物語の構成がシンプルではない上に、タイムラインを行き来する作りになっているせいで、全容を把握するには苦労する作品。歴史的にニューメキシコ準州が置かれた位置づけや、いわゆる「西部劇」の文脈を理解していれば、視聴する上で大きな助けにはなるだろう。

鉱山を主産業とする街が、その鉱山で起きた事故によって男性の大半を失ってしまう。
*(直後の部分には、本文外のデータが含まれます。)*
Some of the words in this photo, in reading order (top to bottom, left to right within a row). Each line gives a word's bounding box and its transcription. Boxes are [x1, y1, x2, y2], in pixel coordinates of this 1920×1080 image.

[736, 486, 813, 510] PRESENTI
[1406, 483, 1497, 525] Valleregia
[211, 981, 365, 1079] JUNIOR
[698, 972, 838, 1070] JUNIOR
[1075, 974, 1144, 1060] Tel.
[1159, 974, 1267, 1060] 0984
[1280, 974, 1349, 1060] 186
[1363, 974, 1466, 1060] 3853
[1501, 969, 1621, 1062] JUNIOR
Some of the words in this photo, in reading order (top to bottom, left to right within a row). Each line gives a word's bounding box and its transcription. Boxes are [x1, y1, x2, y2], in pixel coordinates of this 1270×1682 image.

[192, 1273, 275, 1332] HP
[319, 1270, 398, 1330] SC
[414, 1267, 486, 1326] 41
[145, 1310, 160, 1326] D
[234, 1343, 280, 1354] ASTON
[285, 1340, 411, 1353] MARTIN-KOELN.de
女性たちは鉱山の買収を目論む一派や悪党たちに苛まれながらも力強く戦い、自らの土地を守ろうとする。

軍隊帰りの男たちを援軍に迎えようとする場面では、「軍隊上がりなら、助けてくれる」というロジックが描かれる。軍隊の保持を憲法で禁じている日本においては、自分たちの故郷や同郷の士を守るという意識も希薄だ。地縁も家族の絆も、おそらくは世界標準を大きく下回っているのではないか。

宗教的な倫理観も薄い日本人ではあるが、僕は比較的正義感が強い方だと思っている。正義感とは、つまり同じ価値観を守ろうとする意識であって、決して絶対的なものではないことに注意が必要だ。異なる宗教や価値観において、「話せばわかる」はずもない。それはつまり、絶対的な神が存在しない「ゴッドレス」な場であるということだ。
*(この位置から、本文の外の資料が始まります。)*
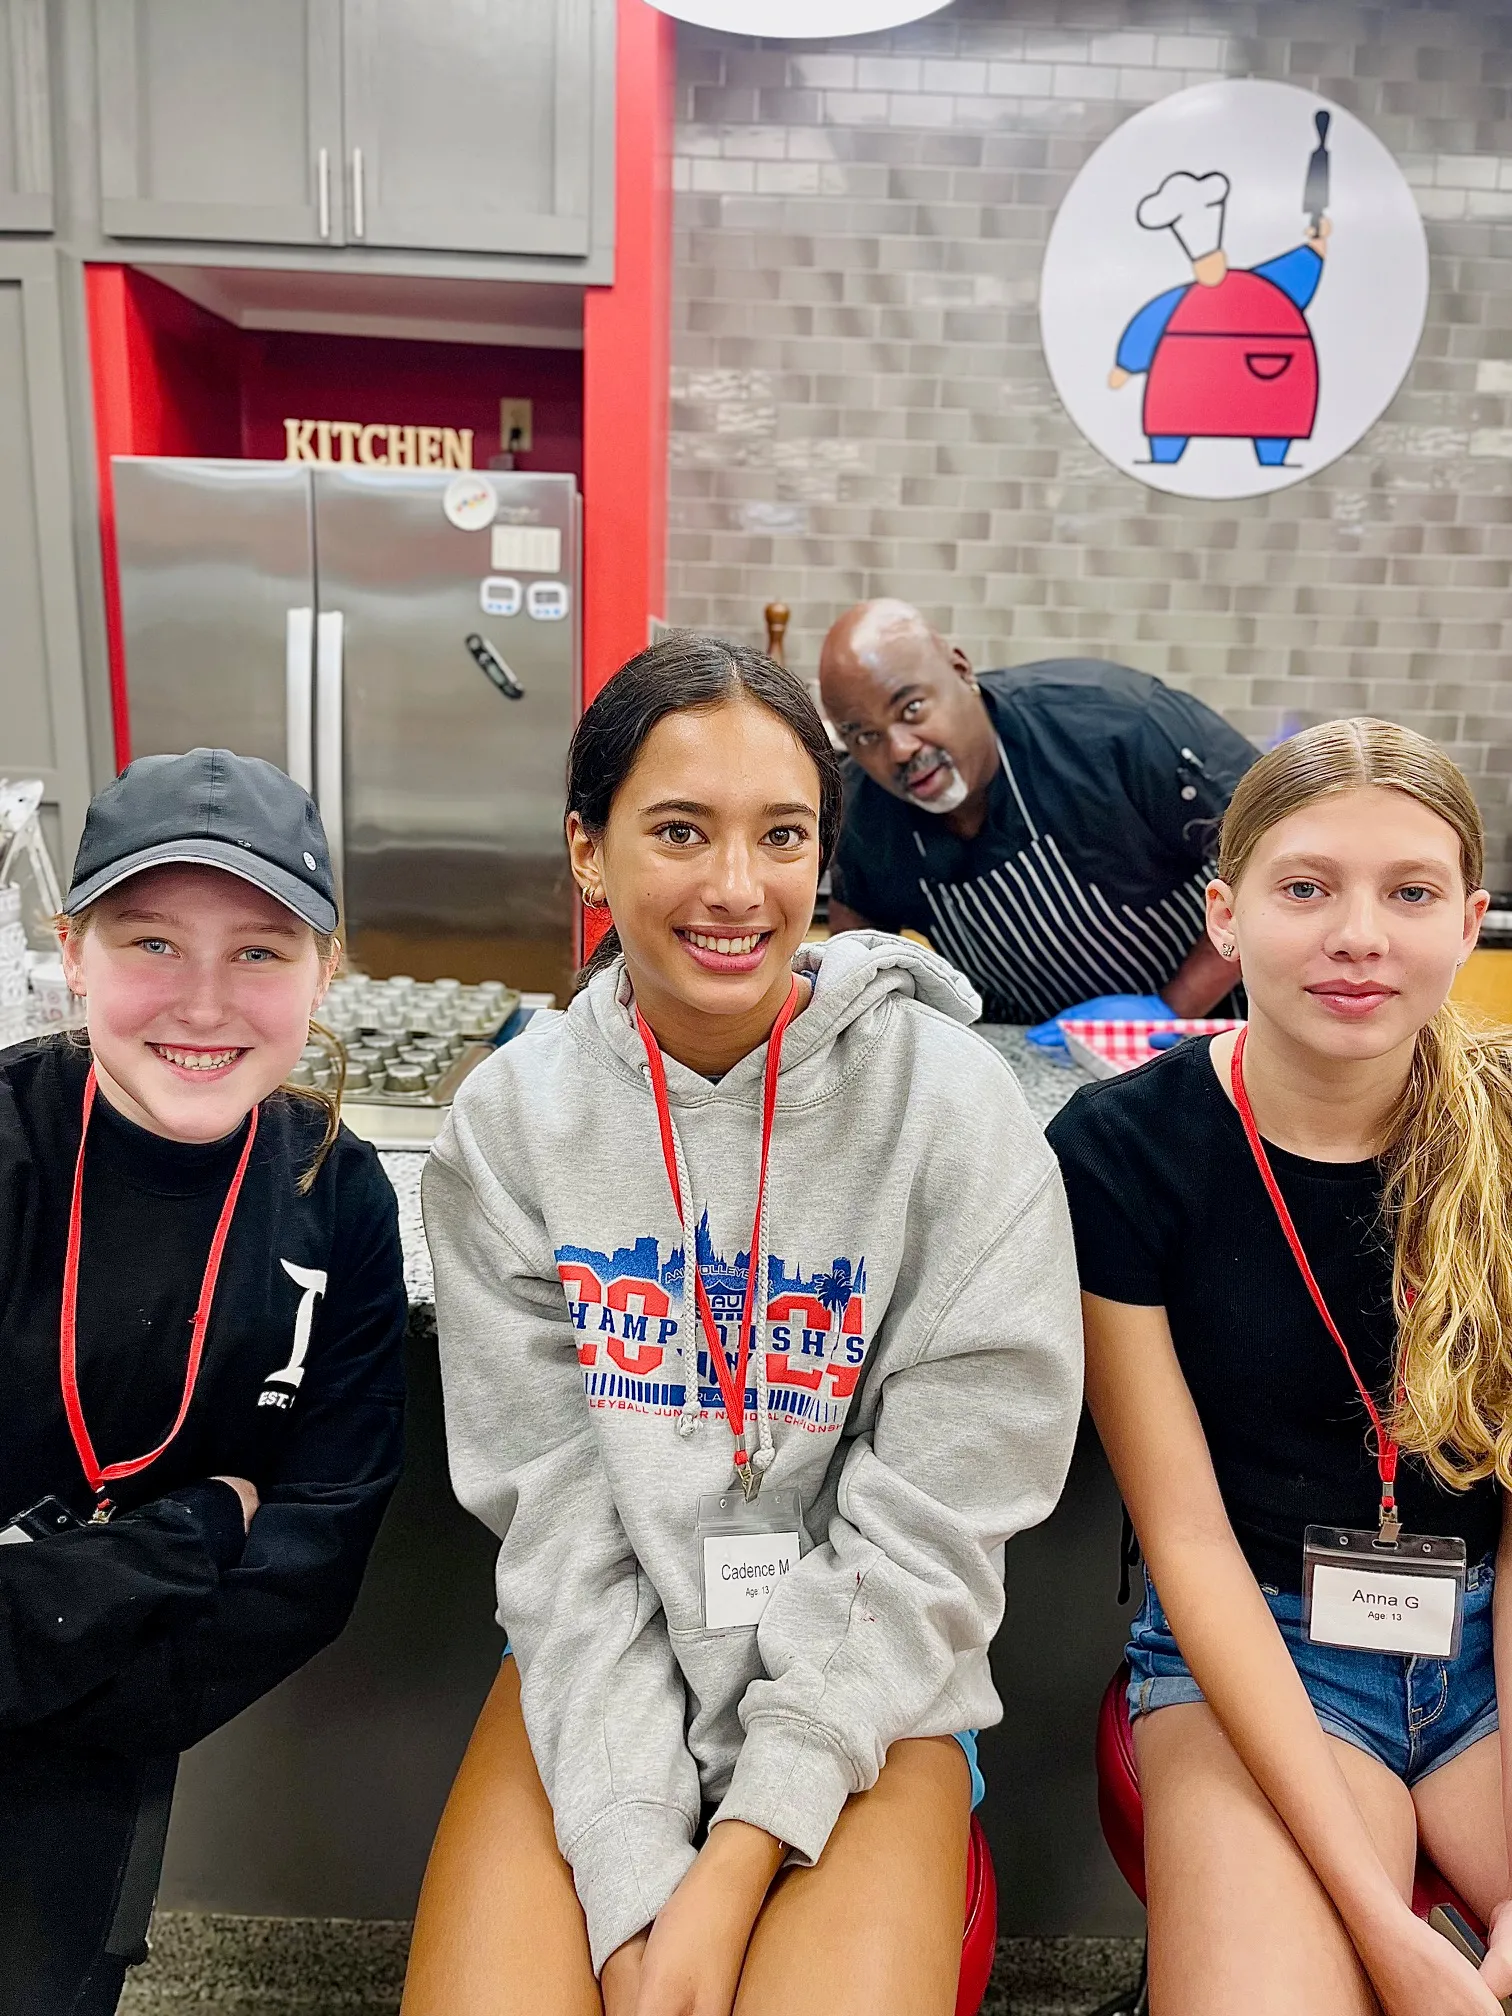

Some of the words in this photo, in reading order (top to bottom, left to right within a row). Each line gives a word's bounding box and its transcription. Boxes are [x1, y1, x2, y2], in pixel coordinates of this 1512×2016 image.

[283, 418, 474, 470] KITCHEN
[257, 1391, 288, 1409] EST.
[589, 1398, 649, 1414] LEYBALL
[654, 1407, 709, 1419] JUNR
[721, 1562, 776, 1581] Cadence
[778, 1558, 790, 1576] M
[761, 1585, 770, 1595] 13
[1351, 1588, 1399, 1607] Anna
[1404, 1595, 1420, 1610] G
[1391, 1612, 1403, 1622] 13
俳優陣では、「ダウントン・アビー」でメアリーを演じたミシェル・ドッカリーと「ナース・ジャッキー」のゾーイ役メリット・ウェヴァーにふたりがそれぞれに強い女性を表現する。特に、意志と目力の強さは見応え十分だ。

ドッカリー演じるアリスの義母で先住民のアイオビは、銃の名手であることがじっくり描かれていたので、終盤の戦いで重要な役割を担うことを期待していたのだが、この点については肩透かしだったことが残念だった。